How to use Flow Exporter pipeline with Skydive

The Flow Exporter filters the flow data obtained from Skydive, performs a data transformation, and saves the information to some target (e.g. an object store). This data may then be used to perform various kinds of analyses for security, accounting, or other purposes. We use the term pipeline to describe the sequence of operations performed on the data: classify, filter, transform, encode, compress, store, etc. The modeling of the exporter as a multi-phase pipeline makes it easier to reuse specific phases while implementing new exporters. Instructions to developers and high level architecture of the Flow Exporter can be found at Flow Exporter Overview. We provide below a detailed description of the various options of the Flow Exporter, and refer to its use specifically for the Security Advisor application and for reporting VPC logs.

In order to use a Flow Exporter application, you first need to have Skydive up and running.

Deploy Skydive

You can either download a statically linked version of Skydive or you can build it on your own.

To download a pre-compiled statically linked version of Skydive, run the following command.

curl -Lo skydive https://github.com/skydive-project/skydive-binaries/raw/jenkins-builds/skydive-latest && chmod +x skydive && sudo mv skydive /usr/local/skydive/

To build your own version of Skydive, follow the instructions on Build Documentation to install prerequisites and prepare your machine to build the Skydive code. Enter the Skydive root directory and build the code.

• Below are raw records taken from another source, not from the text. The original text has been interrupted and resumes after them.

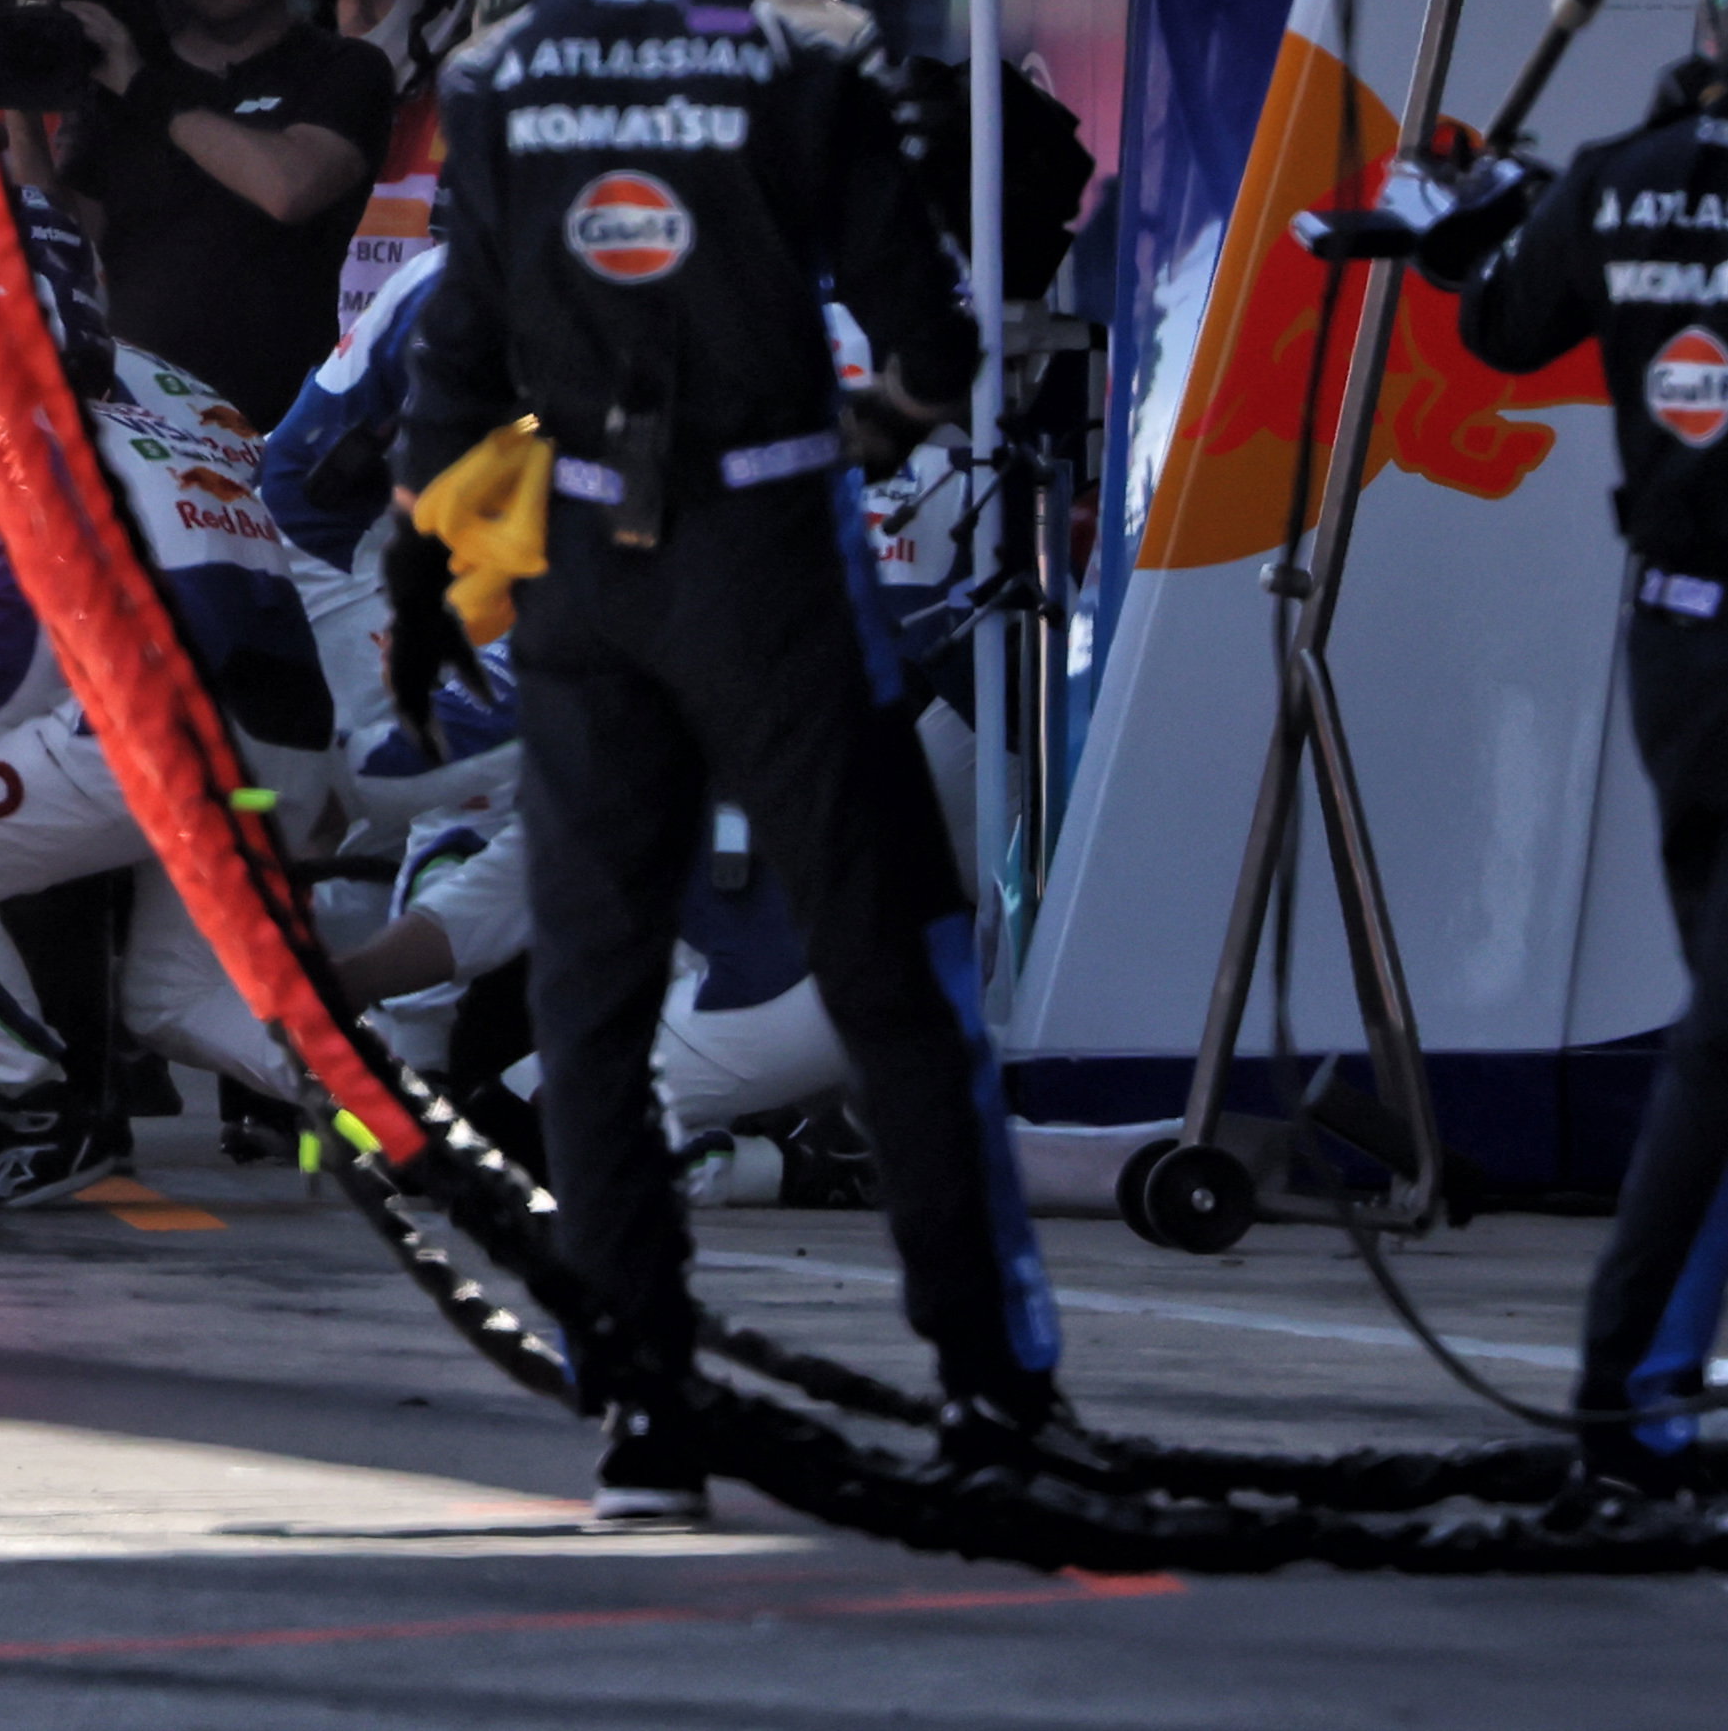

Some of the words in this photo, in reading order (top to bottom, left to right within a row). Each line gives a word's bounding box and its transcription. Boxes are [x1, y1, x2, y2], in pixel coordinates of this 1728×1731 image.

[530, 36, 773, 83] ATLASSIAN
[506, 93, 749, 153] KOMATSU
[1625, 188, 1728, 230] ATLA
[356, 240, 404, 263] BCN
[175, 500, 237, 535] Red
[234, 509, 283, 545] Bu
[878, 537, 916, 563] ull

cd $GOPATH/src/github.com/skydive-project/skydive
make
cp etc/skydive.yml.default /etc/skydive/skydive.yml
# adjust settings in skydive.yml, if desired

The skydive binary is created in $GOPATH/bin/skydive.

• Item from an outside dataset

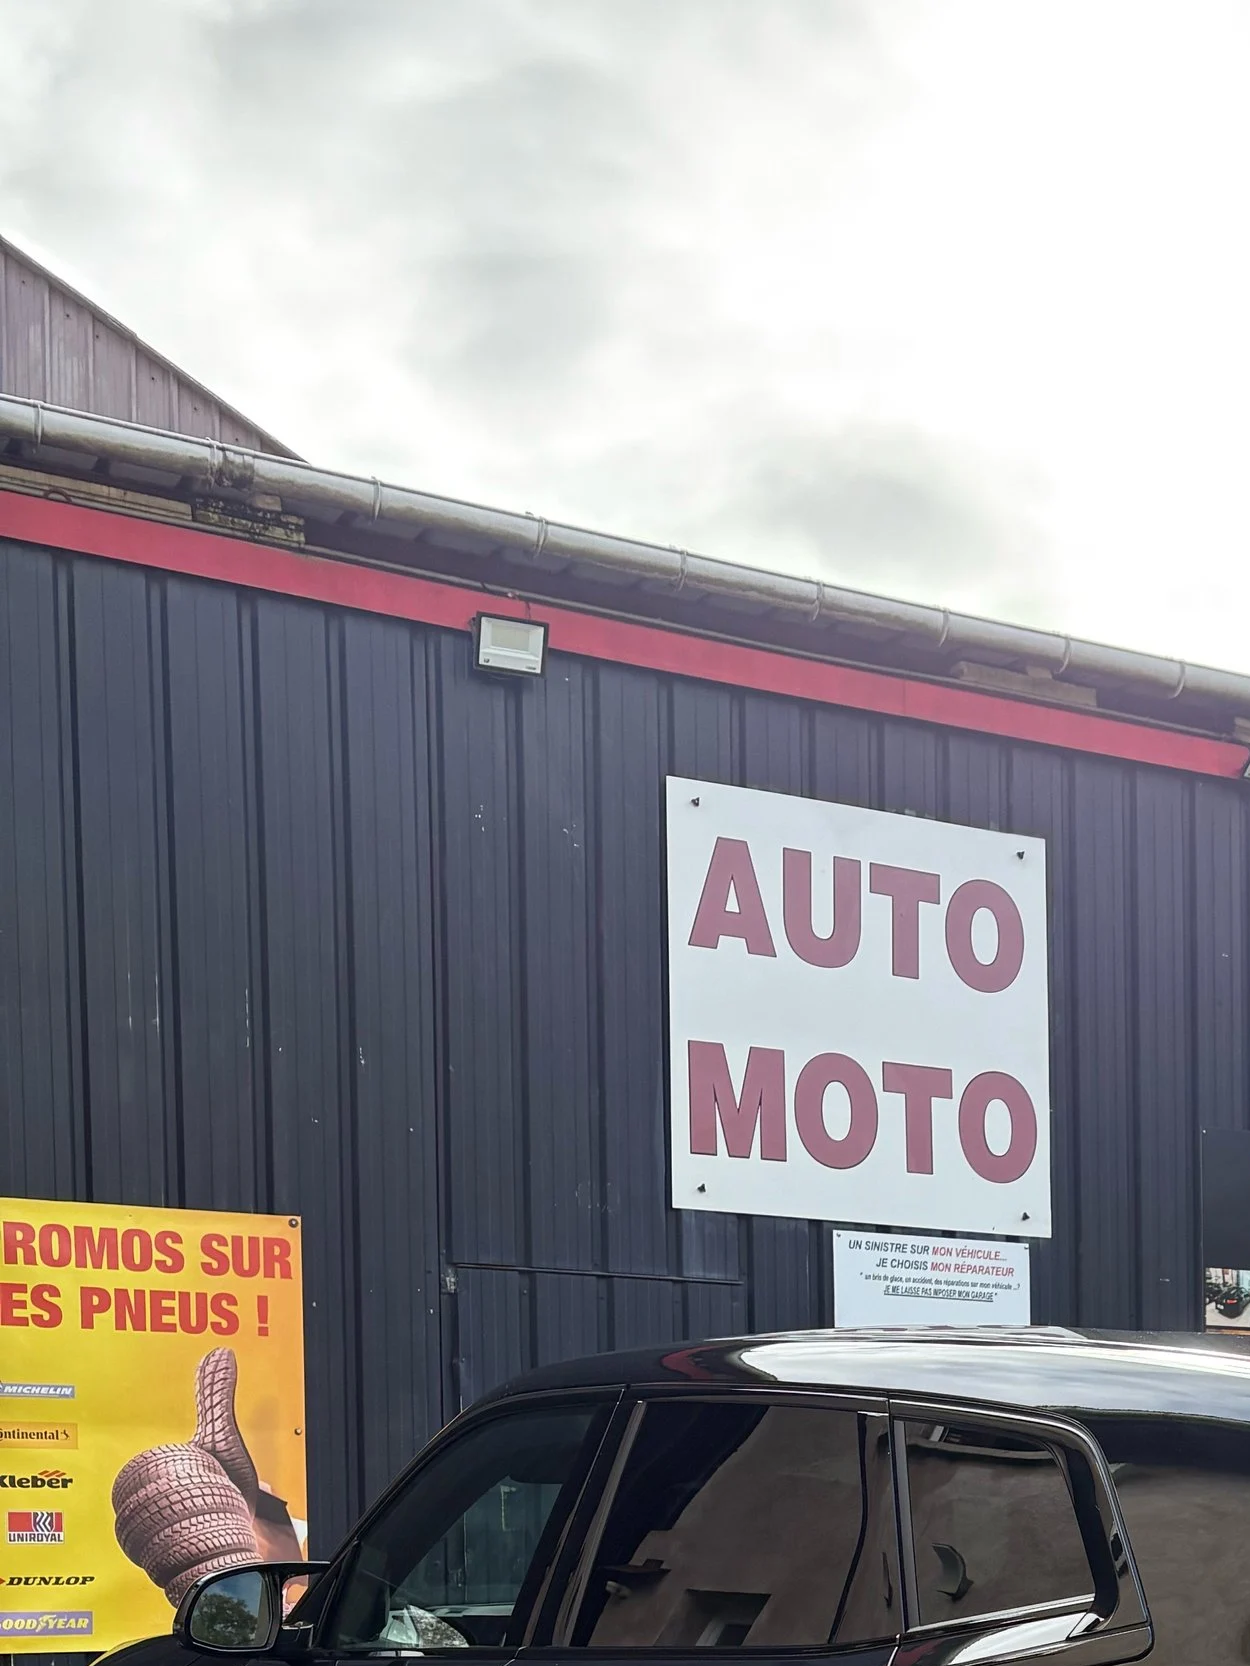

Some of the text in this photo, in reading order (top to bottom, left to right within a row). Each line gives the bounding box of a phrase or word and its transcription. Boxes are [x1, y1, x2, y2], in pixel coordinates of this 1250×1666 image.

There are additional compiling options which enable some features. For example, to build a staticaly linked version (which can run on other machines without installing prerequisites) and to support ebpf filtering, use the following build options:

make WITH_EBPF=true static

All-in-one version Deployment

sudo skydive allineone -c /etc/skydive/skydive.yml

Multi-node Deployment

Alternatively, run a Skydive analyzer on one host and a Skydive agent on each of your hosts.

On one machine:

sudo skydive analyzer -c /etc/skydive/skydive.yml

On each machine:

sudo skydive agent -c /etc/skydive/skydive.yml

Be sure to set the field analyzers in the skydive.yml to point to the analyzer.

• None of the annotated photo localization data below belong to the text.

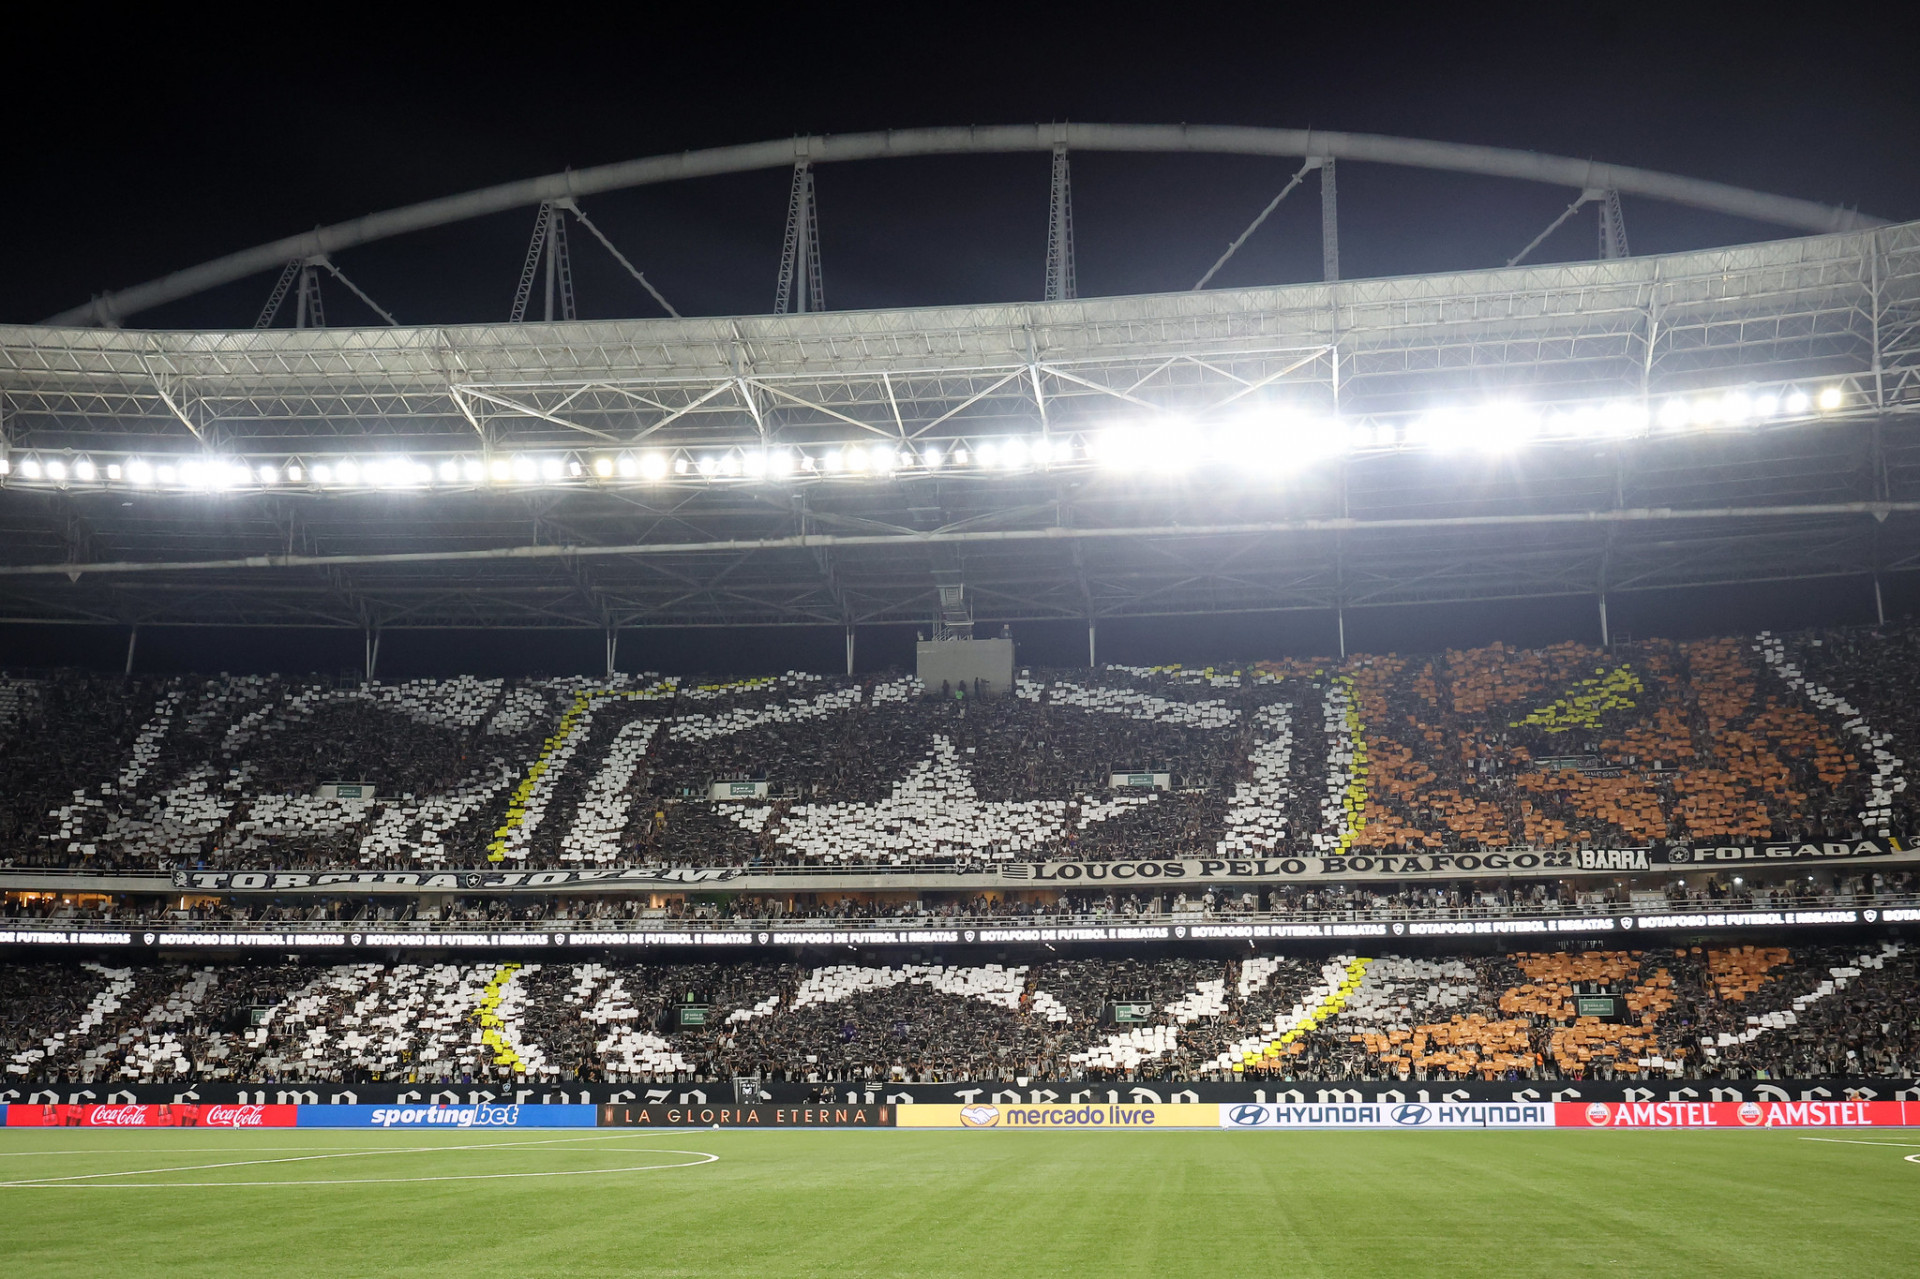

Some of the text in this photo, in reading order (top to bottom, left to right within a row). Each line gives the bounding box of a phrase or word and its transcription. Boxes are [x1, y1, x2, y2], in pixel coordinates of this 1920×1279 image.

[1694, 840, 1883, 861] FOLGADA
[1031, 861, 1186, 880] LOUCOS
[1199, 858, 1307, 876] PELO
[1320, 853, 1540, 873] BOTAFOGO
[1581, 850, 1649, 870] BARRA
[1408, 921, 1475, 935] BOTAFOGO
[1474, 921, 1492, 934] DE
[1492, 920, 1548, 934] FUTEBOL
[1548, 919, 1557, 932] E
[1637, 915, 1707, 929] BOTAFOGO
[1707, 914, 1726, 927] DE
[1725, 912, 1786, 926] FUTEBOL
[1785, 912, 1795, 924] E
[16, 931, 70, 944] FUTEBOL
[70, 932, 78, 944] E
[158, 933, 220, 946] BOTAFOGO
[220, 934, 237, 946] DE
[235, 934, 286, 946] FUTEBOL
[287, 934, 294, 946] E
[569, 933, 629, 945] BOTAFOGO
[628, 933, 645, 945] DE
[644, 933, 694, 945] FUTEBOL
[694, 933, 702, 945] E
[773, 932, 833, 945] BOTAFOGO
[832, 932, 849, 944] DE
[849, 931, 899, 944] FUTEBOL
[900, 931, 907, 943] E
[979, 929, 1041, 942] BOTAFOGO
[1040, 929, 1058, 941] DE
[1056, 928, 1108, 941] FUTEBOL
[1109, 927, 1116, 940] E
[1190, 926, 1253, 938] BOTAFOGO
[1252, 925, 1271, 938] DE
[1270, 924, 1324, 937] FUTEBOL
[1324, 924, 1332, 937] E
[365, 934, 426, 946] BOTAFOGO
[425, 934, 442, 946] DE
[441, 934, 491, 946] FUTEBOL
[491, 934, 499, 946] E
[90, 1104, 149, 1125] Coca-Cola
[206, 1104, 265, 1125] Coca-Cola
[371, 1104, 519, 1126] sportingbet
[625, 1108, 867, 1123] LA GLORIA ETERNA
[1007, 1106, 1155, 1125] mercado livre
[1276, 1106, 1381, 1123] HYUNDAI
[1438, 1106, 1545, 1122] HYUNDAI
[1613, 1103, 1718, 1126] AMSTEL
[1766, 1102, 1872, 1125] AMSTEL

How the Flow Exporter works

The basic operations of the Flow Exporter are: classify, filter, transform, mangle, encode, compress, store, write. Additional operations exist for particular applications built on top of these basic operations. (See the source code for these additional operations.) The output from one operation is fed to be the input of the next operation. Each basic operation has a built-in default implementation. Developers may implement their own versions of some of these operations for new applications. Configuration parameters describing how the Flow Exporter should work are specified in a yml configuration file (see below).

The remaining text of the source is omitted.